Normally such a furor would disappear after a week, but this wasn’t just a few kids pissed about their favorite romance. This was a well-organized group of women who had experience. They’d scored a win with Glee and scored a loss with Once Upon a Time, and now their new fave show had gone and pulled the biggest trope faux pas in the lesbian handbook.
The furor has not let up since. Media outlets, including Entertainment Weekly, Vanity Fair and Variety have all commented on The 100 hullabaloo, with Mo Ryan of Variety being particularly outspoken. The hashtag #LGBTFansDeserveBetter even continues to trend sporadically on Twitter and fans have even succeeded in getting sponsors to drop the show.
Faced with the success of burying a once critically exclaimed drama, fans have stepped up their game. Two weeks ago The Walking Dead axed a lesbian, and despite this being a show that’s fatal to all characters who aren’t the handful of leads, the rage was still immediate. One lesbian was bad, but two lesbians?
Last week it was worse. In anticipation of a sapphic slaughter on The Vampire Diaries (another show that kills indiscriminately, but always seems to accidentally target PoCs and queer folks the most) showrunner Julie Plec spoiled the deaths the day before in a blog. It was her attempt at damage control. And it didn’t go well.
AfterEllen Editor in Chief, Trish Bendix, has also been in on the spoiling game, alluding to a double murder on a hugely popular show.

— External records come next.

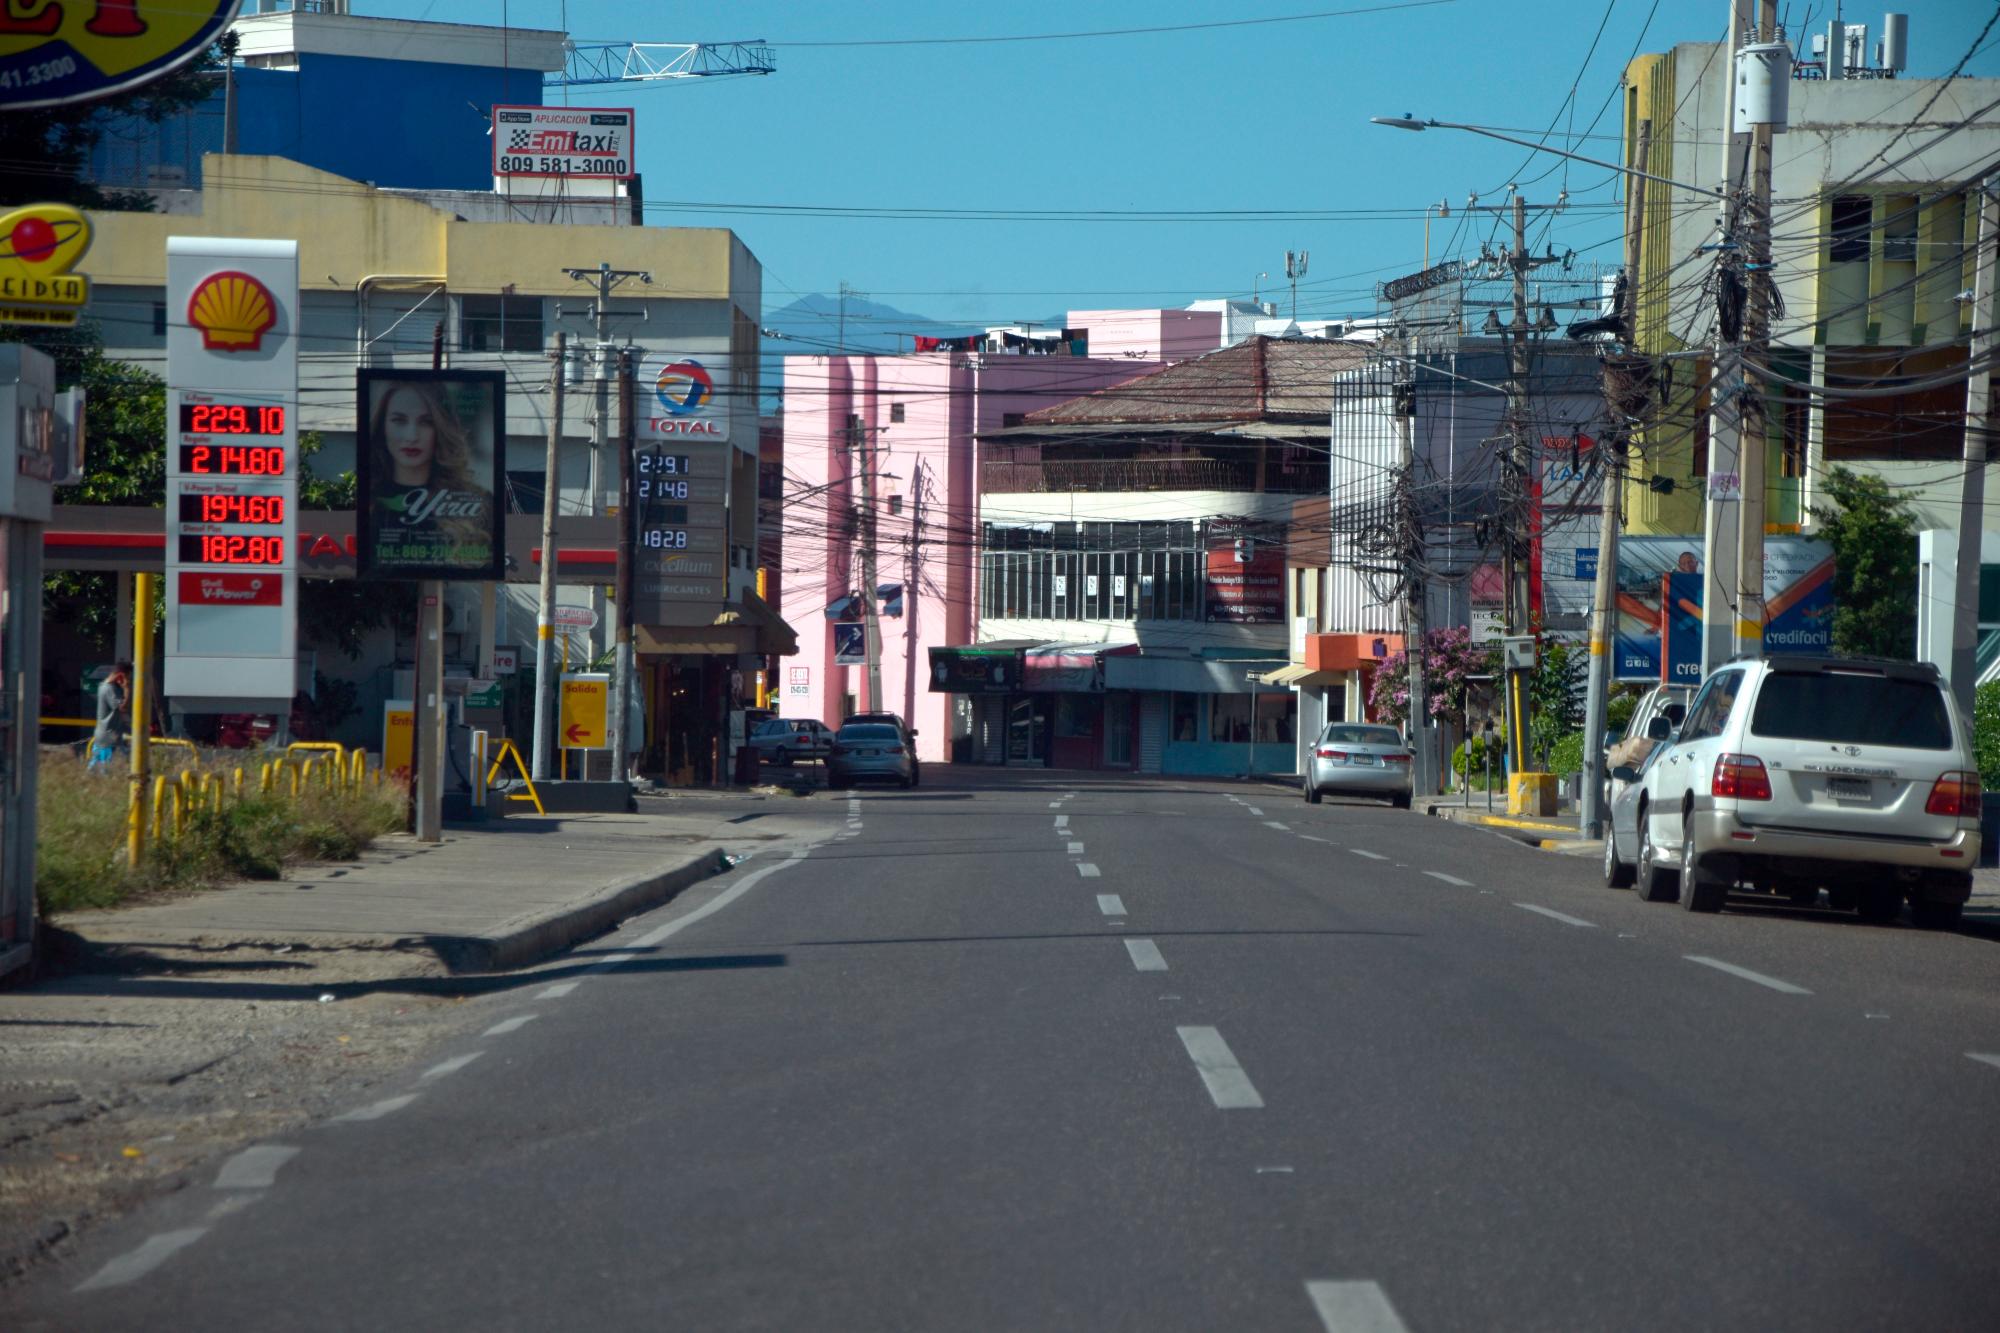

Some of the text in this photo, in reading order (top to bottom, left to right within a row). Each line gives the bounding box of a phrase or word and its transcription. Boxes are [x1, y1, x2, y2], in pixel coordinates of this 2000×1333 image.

[527, 129, 614, 152] Emitaxi
[500, 156, 627, 174] 809 581-3000
[648, 417, 721, 435] TOTAL
[639, 480, 688, 499] 214.8
[202, 495, 285, 524] 194.60
[644, 530, 687, 549] 182.8
[201, 535, 284, 565] 182.80
[202, 588, 257, 599] V-Power
[643, 584, 711, 595] LUBRICANTES
[1676, 662, 1703, 676] cre
[565, 683, 598, 694] Salida
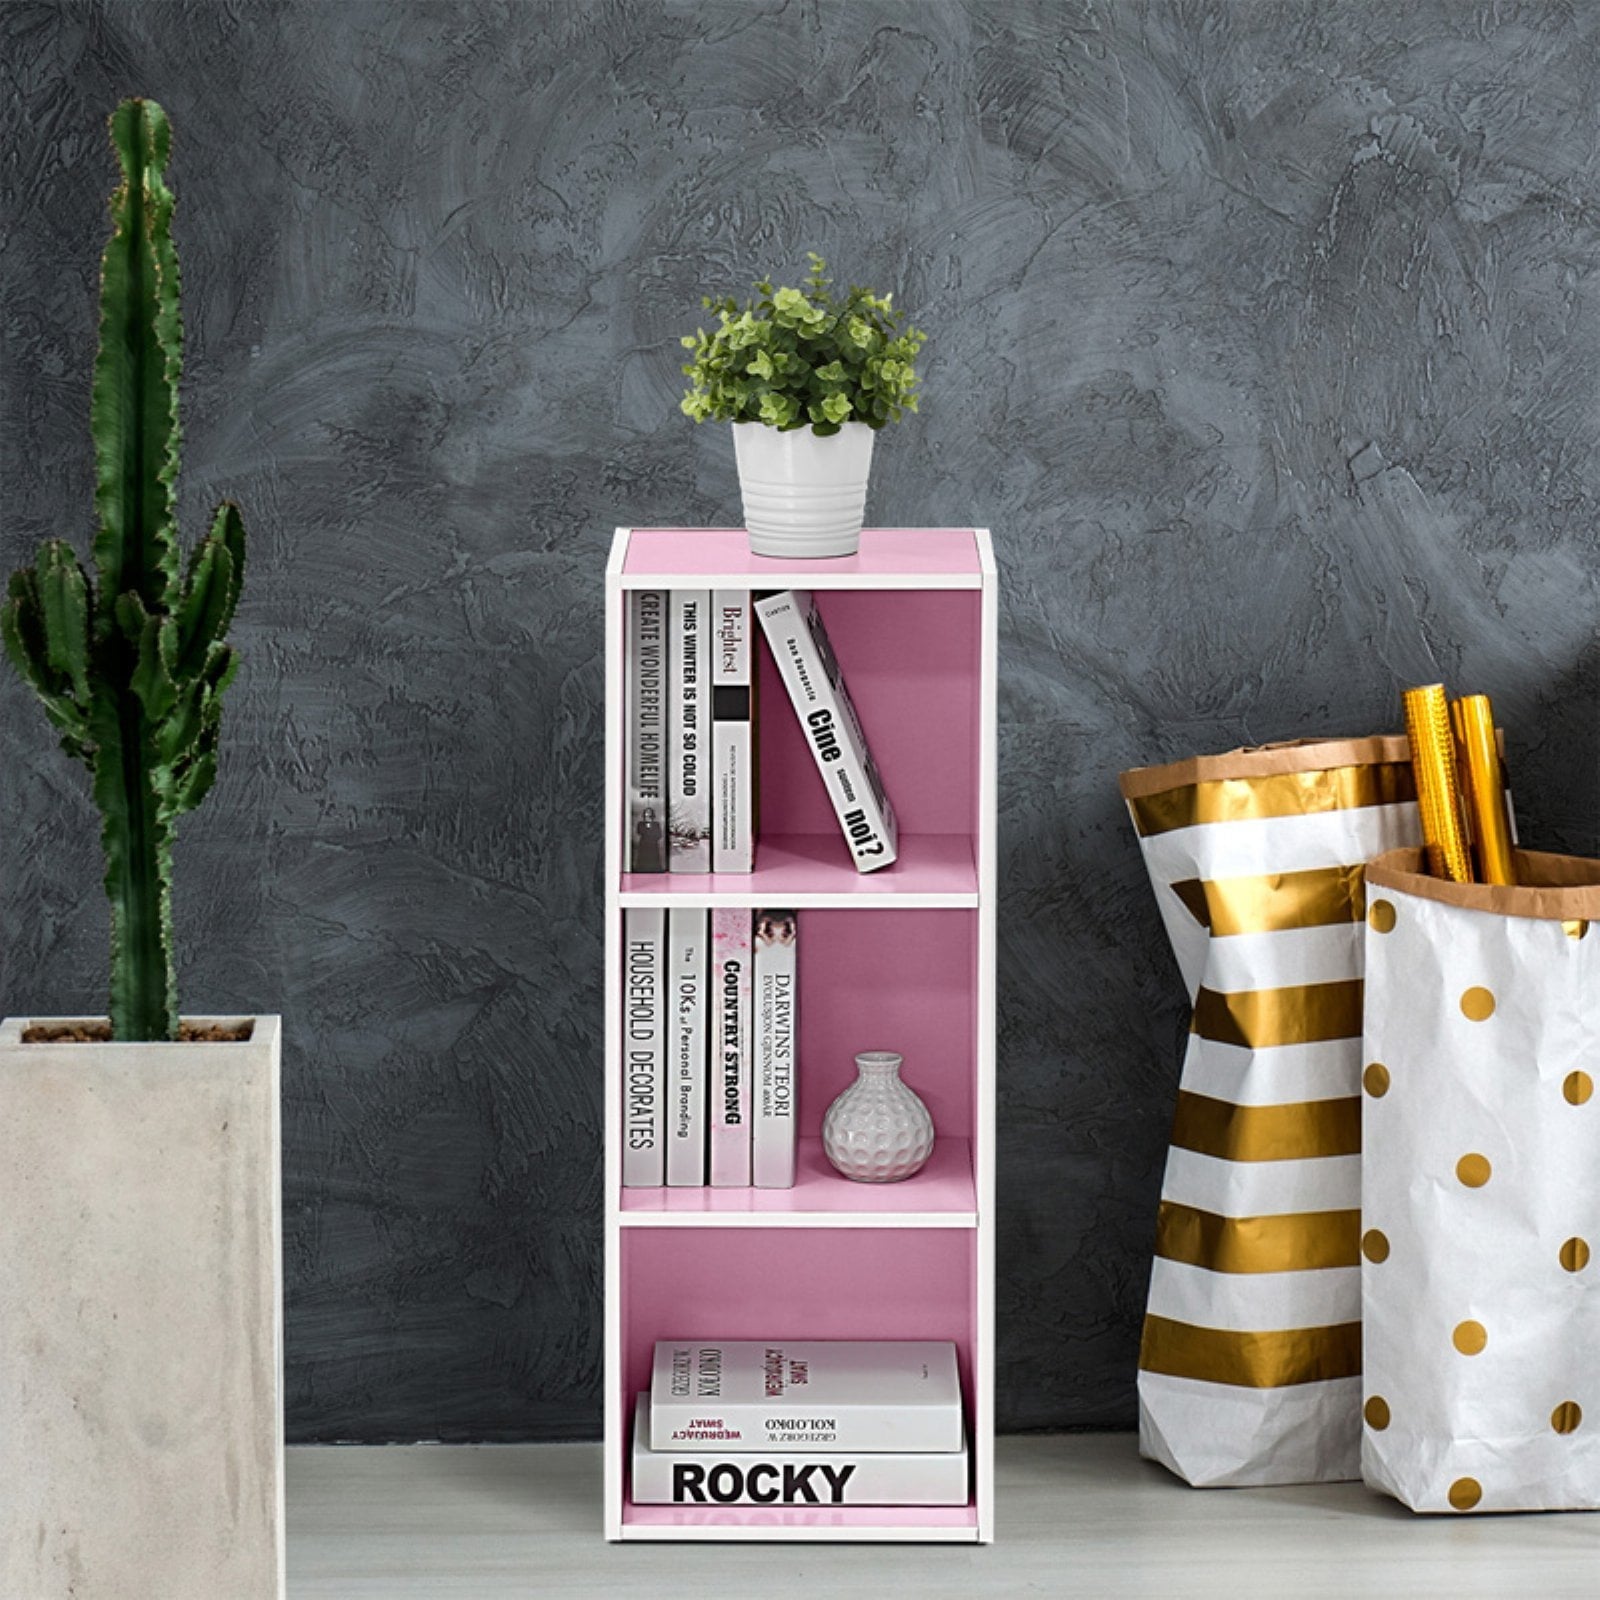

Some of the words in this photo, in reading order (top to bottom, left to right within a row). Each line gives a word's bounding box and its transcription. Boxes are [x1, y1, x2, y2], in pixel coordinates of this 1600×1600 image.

That turned out to be Empire, where a bisexual Naomi Campbell (in love with a dude) murdered her wife, played by Marisa Tomei, before offing herself.
Showrunner Illene Chaiken, herself a lesbian and creator of The L Word, insists that her show isn’t “a part of that phenomenon or conversation.”
“If anything, the lesbians should wish for a character like Camilla to be killed off since she just preyed on a powerful lesbian in order to fulfill her heterosexual ambitions,” she told Variety.
Chaiken may believe that, but she’s the only one. The dead lesbian (we’ve had once a week since late Febuary) and her opportunistic bisexual wife are a part of a trend that can no longer be ignored. What was once a miserable trope consigned to discussions on L Chat and Tumblr is now being discussed, and condemned, in the open, and by more than the frustrated queer girls experiencing it.
And this conversation, which is coming to dominate the TV criticism conversation, is happening because of the tiny migratory fandom that didn’t shut up, and instead got smarter and savvier with their complaints. Femslash has come a long way from The Facts of Life.